— BRIEF —
Do not include the pictures; repeat the rest of the data exactly.

— Saved entries —
# # # #
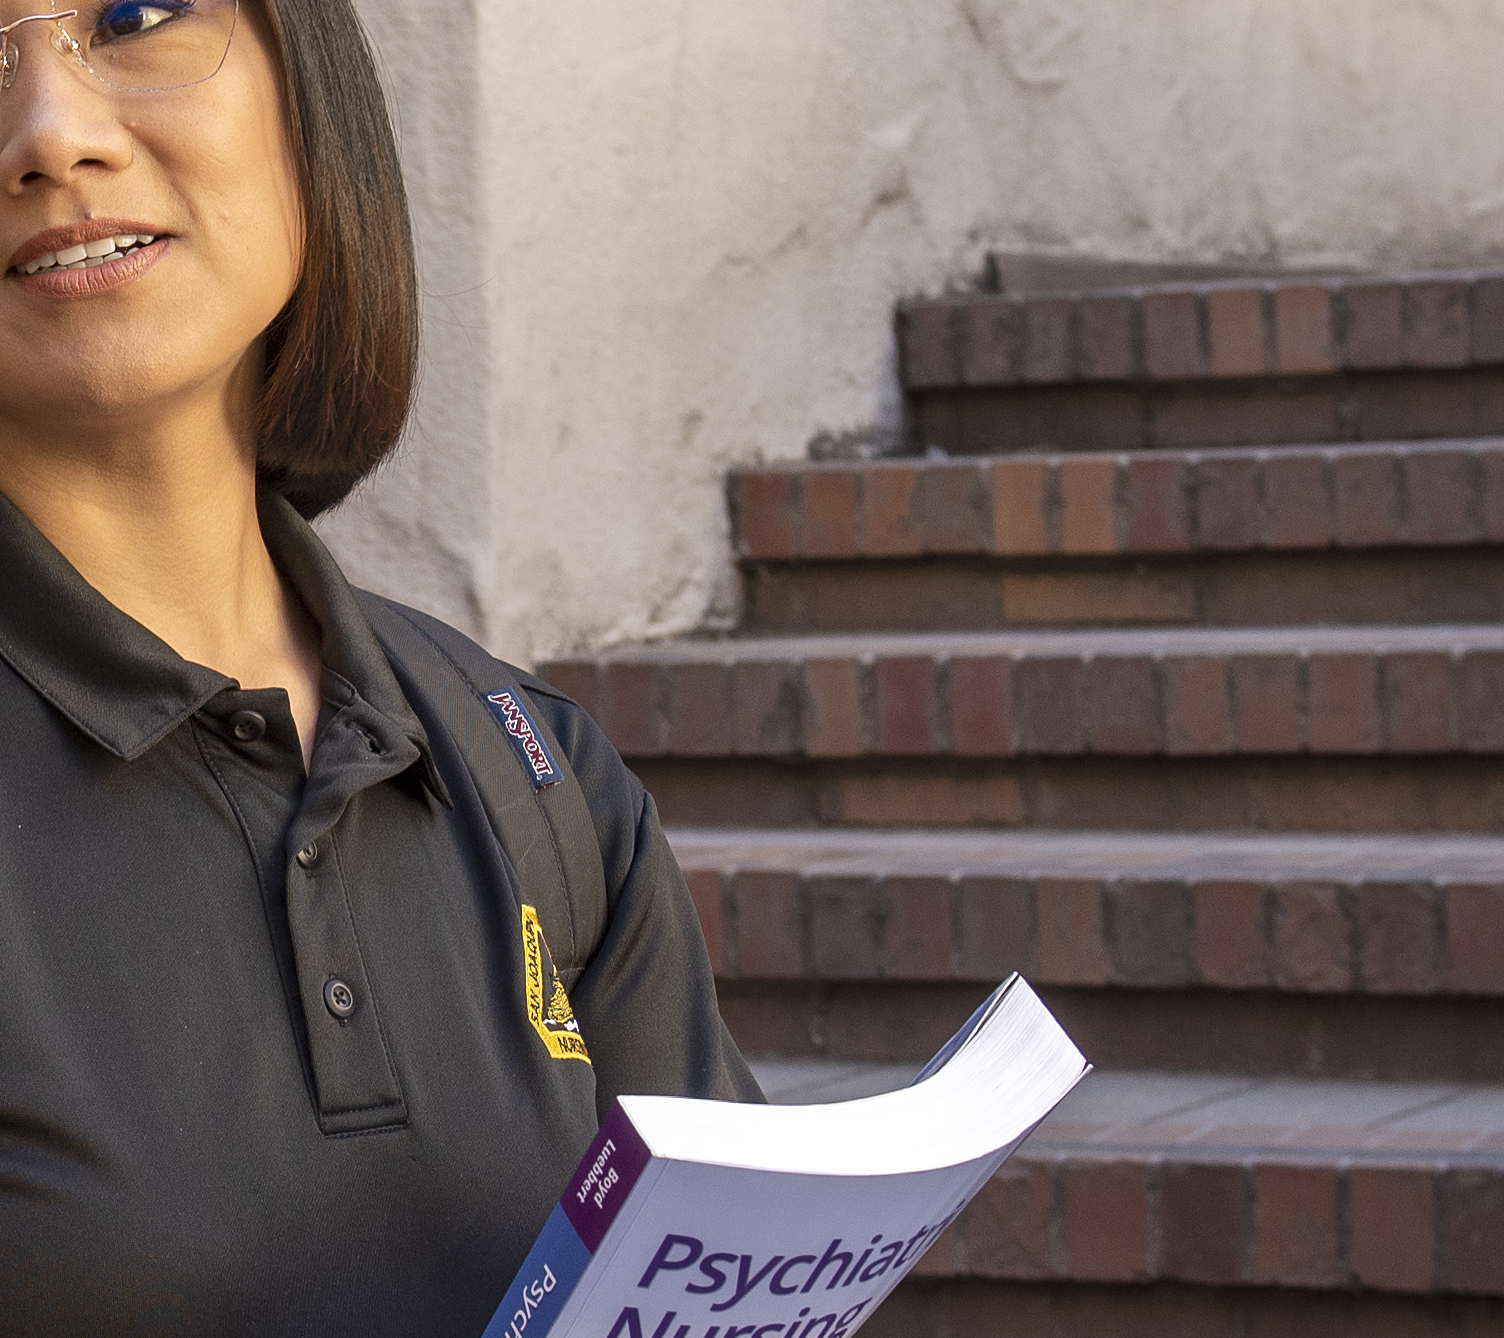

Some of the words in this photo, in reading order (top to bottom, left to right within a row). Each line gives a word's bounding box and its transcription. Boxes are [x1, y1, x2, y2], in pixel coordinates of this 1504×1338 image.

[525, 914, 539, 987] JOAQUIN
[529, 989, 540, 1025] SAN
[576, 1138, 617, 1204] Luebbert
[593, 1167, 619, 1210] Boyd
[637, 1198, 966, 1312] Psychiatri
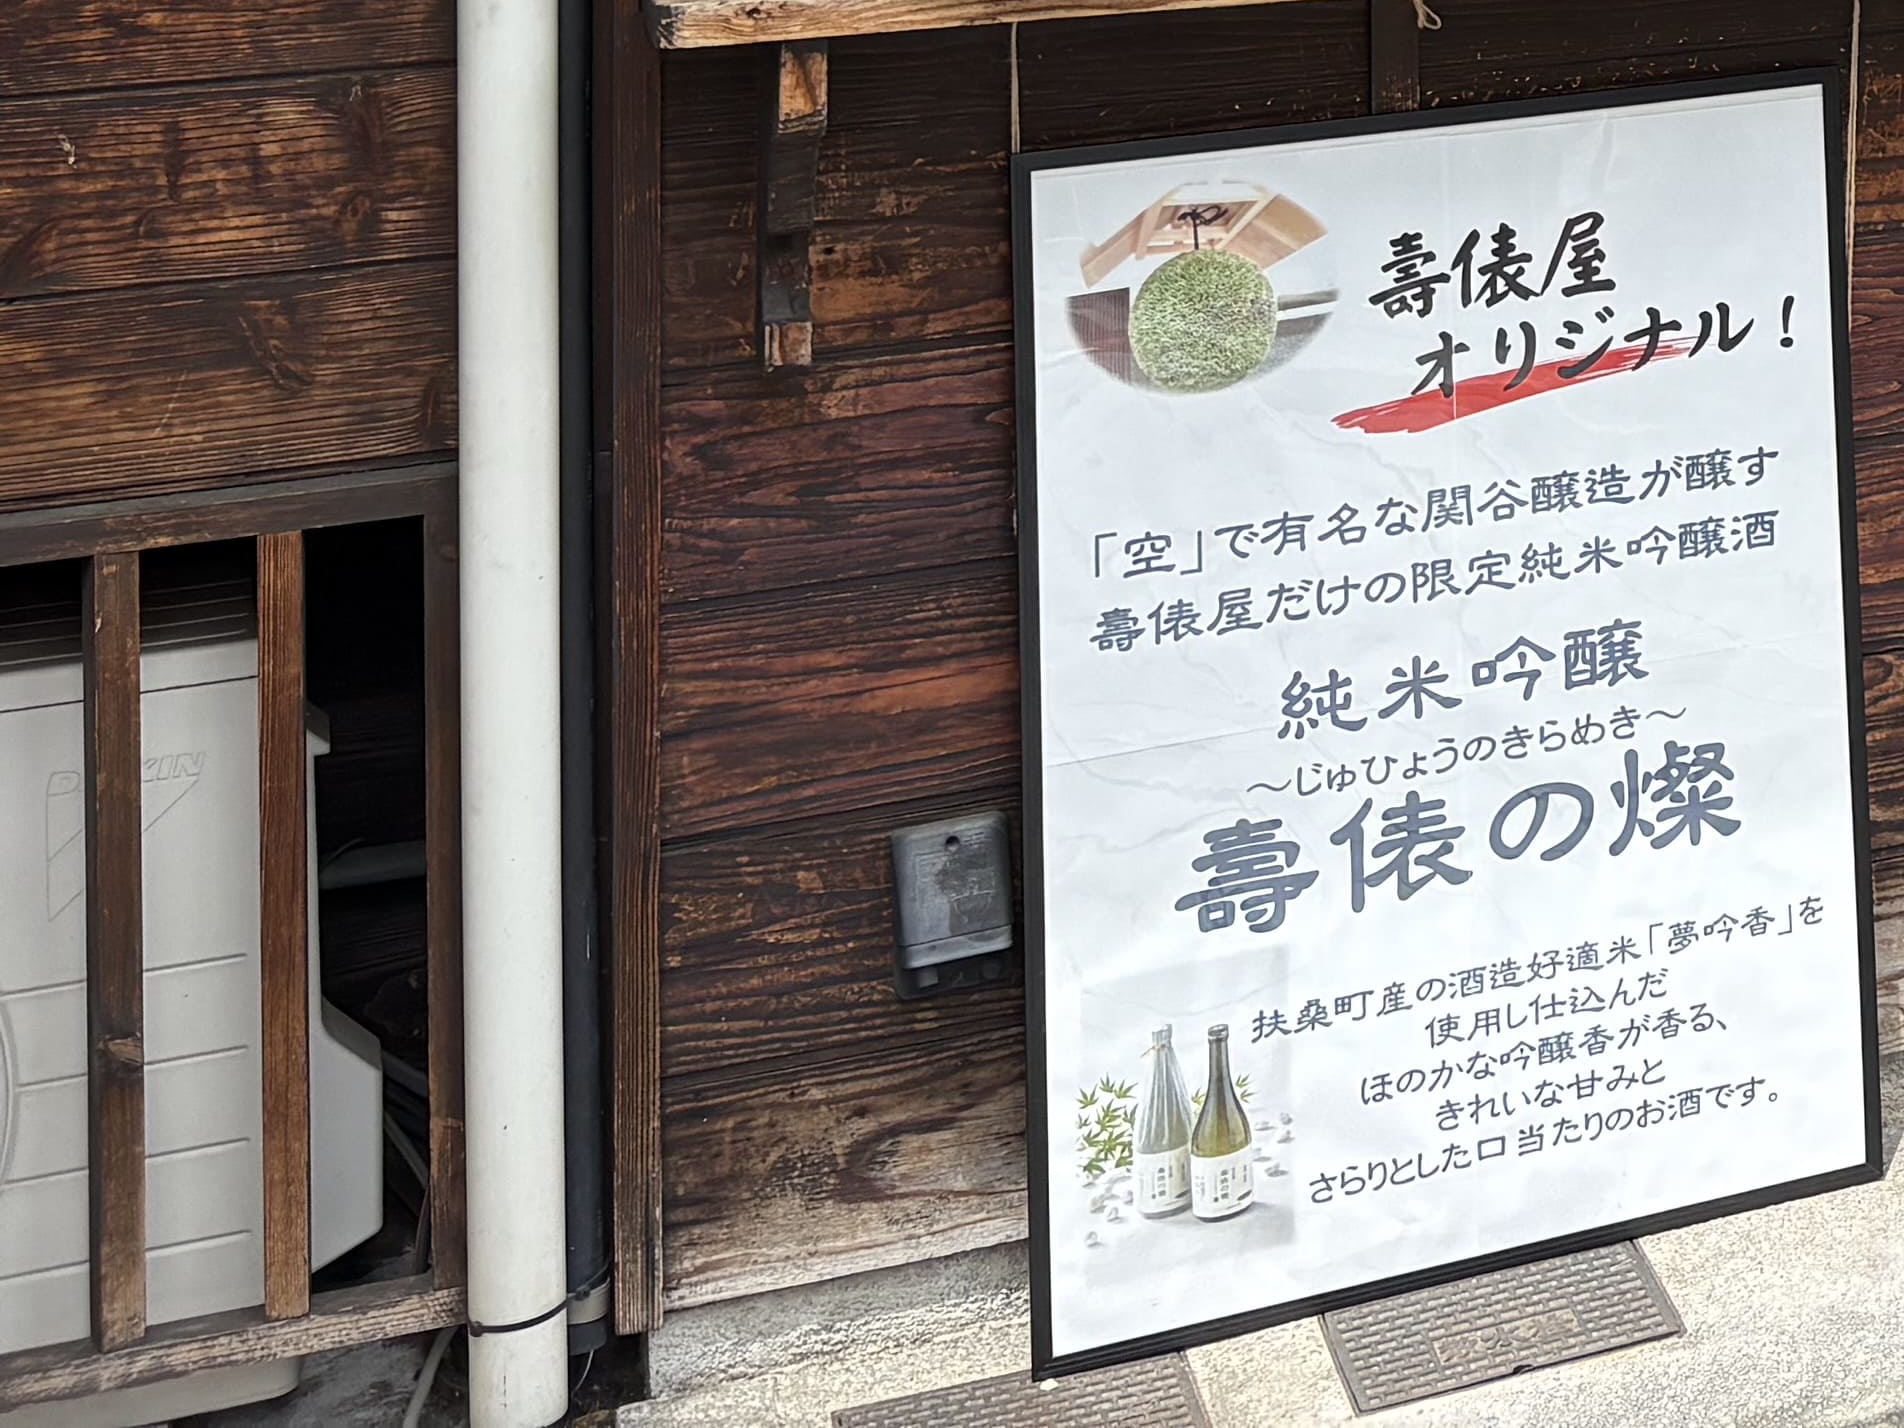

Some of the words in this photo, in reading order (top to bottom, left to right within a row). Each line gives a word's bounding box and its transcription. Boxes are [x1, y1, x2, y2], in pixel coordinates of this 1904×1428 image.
# # # #
— OUTPUT BELOW —
Some of the words in this photo, in reading order (top to bottom, left to right within a row). Each line gives a word's bounding box and its transcription. Boxes are [x1, y1, x2, y2], in pixel coordinates of this 1504×1338 image.

[525, 914, 539, 987] JOAQUIN
[529, 989, 540, 1025] SAN
[576, 1138, 617, 1204] Luebbert
[593, 1167, 619, 1210] Boyd
[637, 1198, 966, 1312] Psychiatri

Some of the words in this photo, in reading order (top to bottom, left to right within a row). Each line gives a word's bounding box and its transcription. Boxes are [x1, y1, x2, y2], in pixel coordinates of this 1904×1428 image.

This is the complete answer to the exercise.